Quote Originally Posted by kows View Post
... except that won't load anything in IE. you need to have the <param> tag present with the 'movie' attribute defined to let IE know what is being loaded; otherwise, you're telling it you have an object to load and then you never get around to telling it what to put inside of that object.
HTML Code:
	<object classid="clsid:d27cdb6e-ae6d-11cf-96b8-444553540000" codebase="http://download.macromedia.com/pub/shockwave/cabs/flash/swflash.cab#version=10,0,0,0" width="550" height="400" id="Untitled-1" align="middle">
	<param name="allowScriptAccess" value="sameDomain" />
	<param name="allowFullScreen" value="false" />
	<param name="movie" value="Untitled-1.swf" /><param name="quality" value="high" /><param name="bgcolor" value="#ffffff" />
	</object>
</noscript>
Looking at that code you there is no javascript involved if whoever need to include the javascript code in browser for whatever reason it was why don't Microsoft, etc just include the javascript code in their browsers?

why are you even doing any of this?
To see if it is possible to do create websites like I have been doing except without using javascript.

Quote Originally Posted by Pradeep1210 View Post
Each has its own role to play, and you should make full use of both.

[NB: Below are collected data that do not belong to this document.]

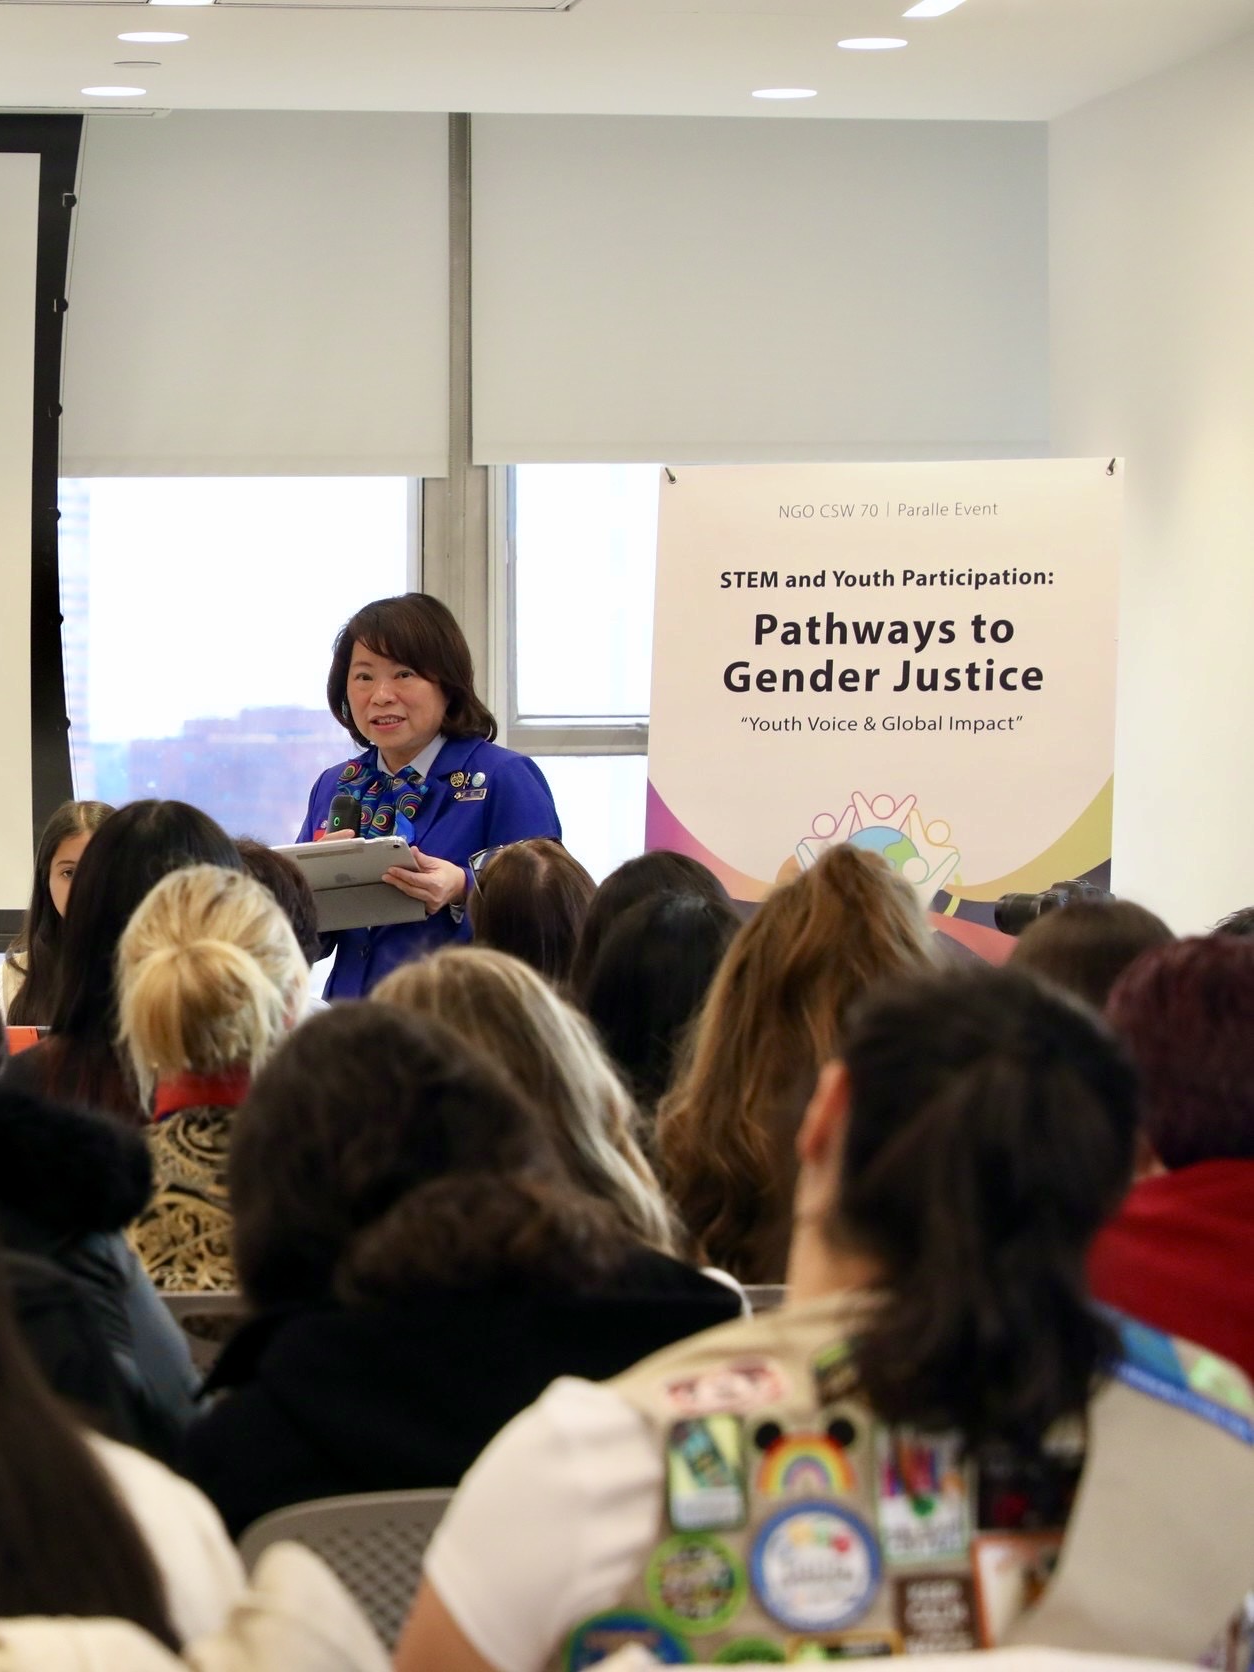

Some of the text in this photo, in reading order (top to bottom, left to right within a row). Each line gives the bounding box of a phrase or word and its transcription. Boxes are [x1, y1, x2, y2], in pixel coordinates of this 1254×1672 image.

[779, 502, 998, 519] NGO CSW 70 Paralle Event
[720, 567, 1055, 590] STEM and Youth Participation:
[754, 611, 1015, 654] Pathways to
[723, 658, 1044, 693] Gender Justice
[807, 716, 858, 732] Voice
[863, 717, 877, 732] &
[881, 715, 943, 732] Global

Use javascript for simple tasks that don't have any security risk but spice up the user browsing experience. e.g. appearence related things, etc. Always put fallback code too. Never assume that your javascript code will always succeed, as you have no control over it.
Use PHP or other server side code to do heavy processing or database related tasks etc.
I agree! However, as stated above I have seen instances where javascript would be used for things such as form validation.